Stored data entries
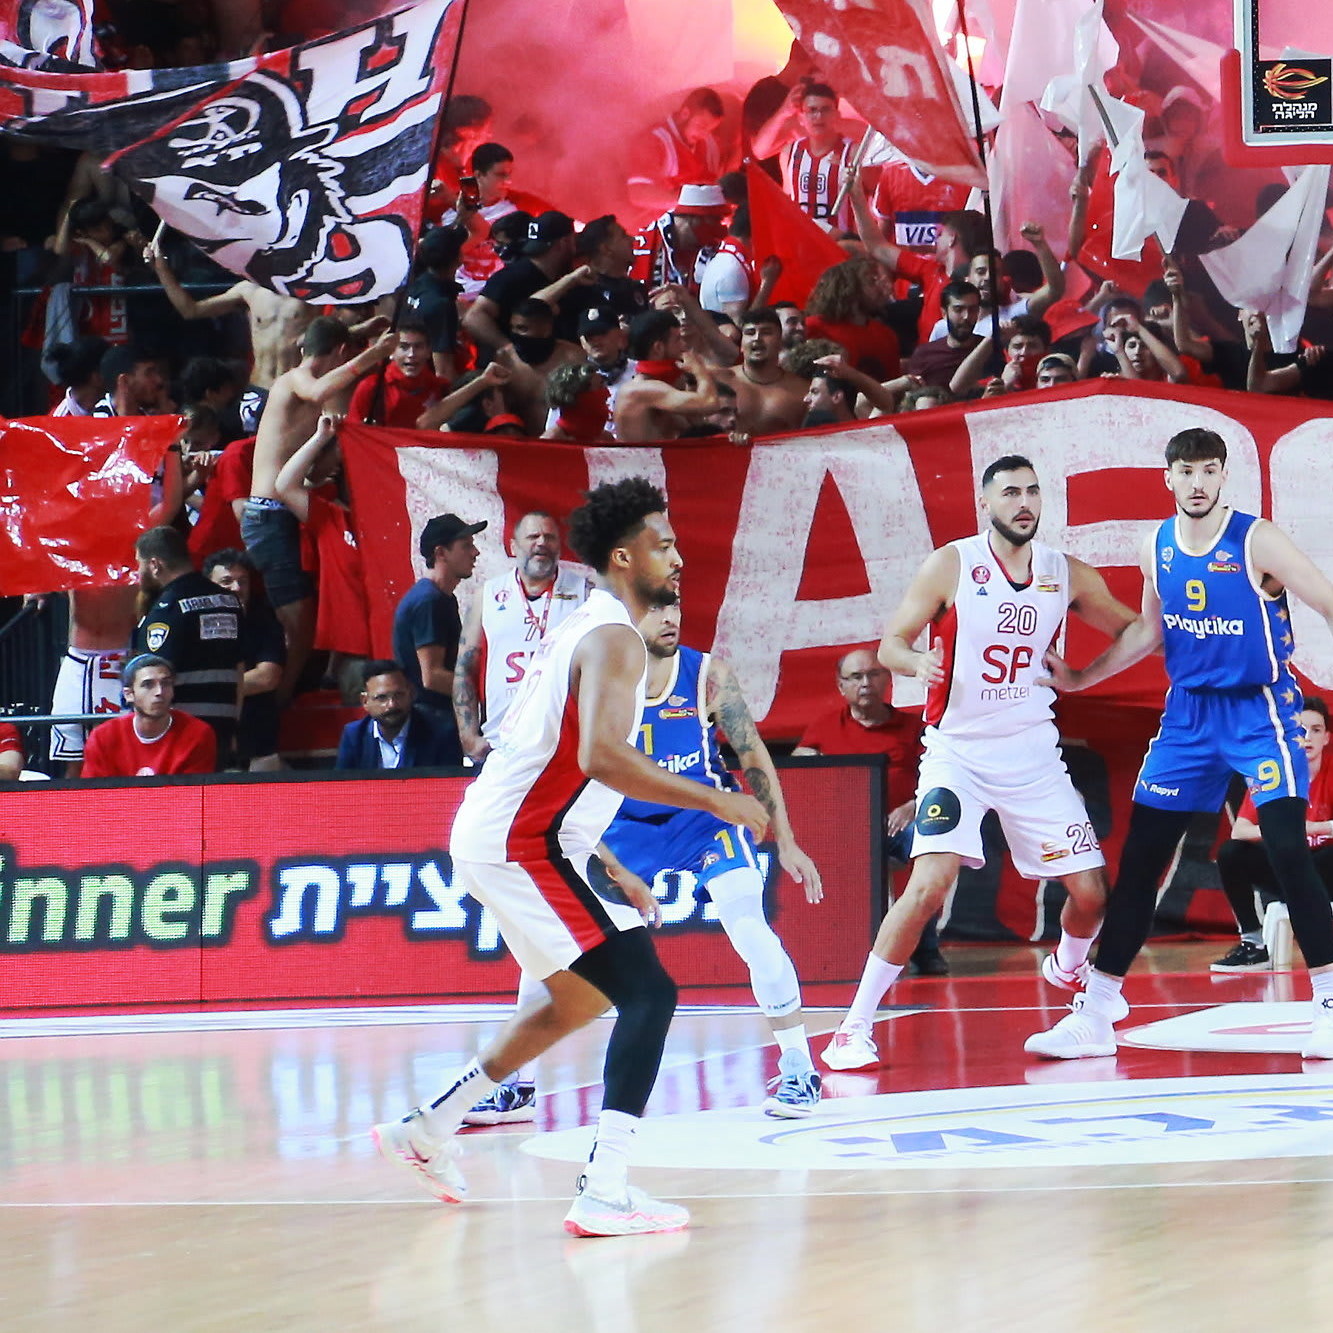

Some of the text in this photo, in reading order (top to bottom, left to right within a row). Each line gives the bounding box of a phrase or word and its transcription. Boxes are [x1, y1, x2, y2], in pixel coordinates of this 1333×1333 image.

[1271, 101, 1318, 112] מנהלת
[1275, 108, 1315, 120] הליגה
[905, 226, 938, 244] VIS
[1185, 578, 1207, 612] 9
[997, 602, 1038, 636] 20
[1163, 613, 1244, 639] Playtika
[981, 644, 1034, 684] SP
[1149, 783, 1181, 797] Rapyd
[1257, 759, 1282, 791] 9
[713, 828, 737, 859] 1
[0, 854, 250, 945] nner

● **What the task requires**: Exactly as they appear above, give the records again, without their pictures.

● **Completed task**:
Some of the text in this photo, in reading order (top to bottom, left to right within a row). Each line gives the bounding box of a phrase or word and its transcription. Boxes are [x1, y1, x2, y2], in pixel coordinates of this 1333×1333 image.

[1271, 101, 1318, 112] מנהלת
[1275, 108, 1315, 120] הליגה
[905, 226, 938, 244] VIS
[1185, 578, 1207, 612] 9
[997, 602, 1038, 636] 20
[1163, 613, 1244, 639] Playtika
[981, 644, 1034, 684] SP
[1149, 783, 1181, 797] Rapyd
[1257, 759, 1282, 791] 9
[713, 828, 737, 859] 1
[0, 854, 250, 945] nner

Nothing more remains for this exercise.